### Exercise prompt
Below are the records to retype. Keep every character exactly and leave out the pictures.

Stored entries
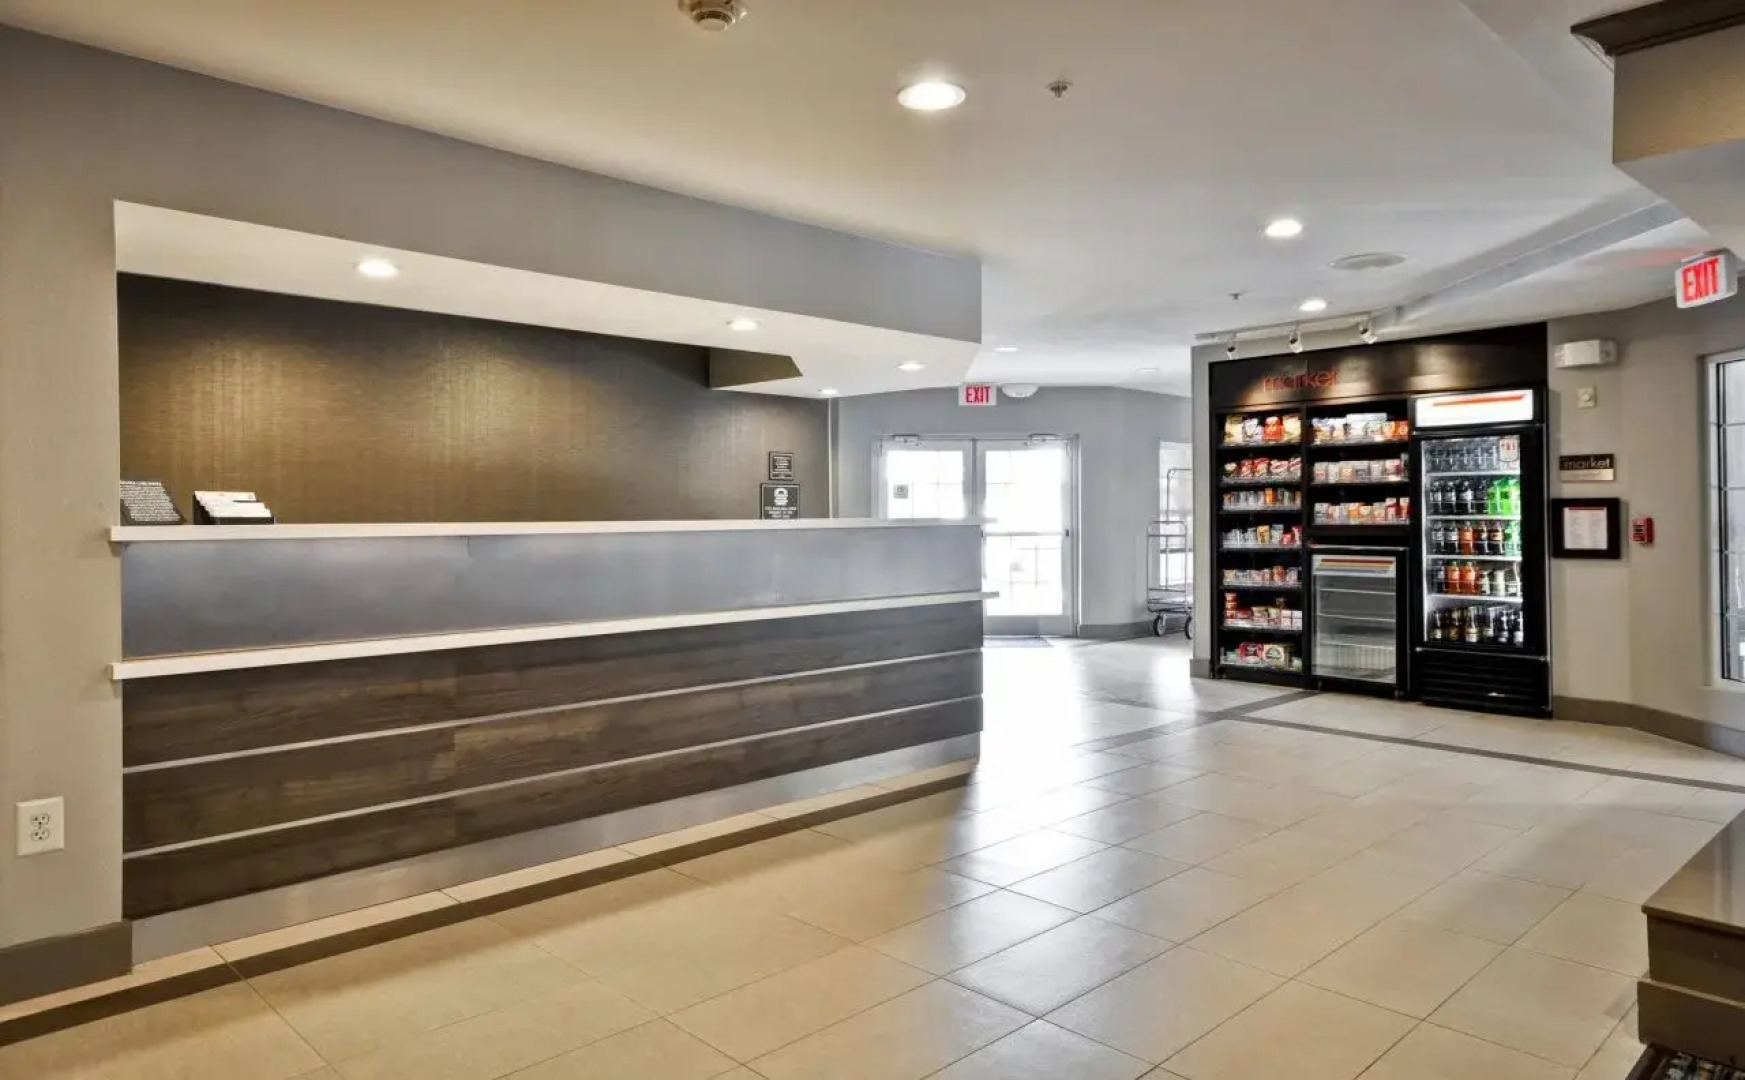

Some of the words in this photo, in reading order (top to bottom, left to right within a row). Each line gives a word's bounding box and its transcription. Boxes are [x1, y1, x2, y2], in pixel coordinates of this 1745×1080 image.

[1682, 257, 1720, 302] EXIT
[1262, 365, 1337, 393] market
[965, 385, 992, 403] EXIT
[1563, 457, 1610, 469] market

### Exercise result
Some of the words in this photo, in reading order (top to bottom, left to right within a row). Each line gives a word's bounding box and its transcription. Boxes are [x1, y1, x2, y2], in pixel coordinates of this 1745×1080 image.

[1682, 257, 1720, 302] EXIT
[1262, 365, 1337, 393] market
[965, 385, 992, 403] EXIT
[1563, 457, 1610, 469] market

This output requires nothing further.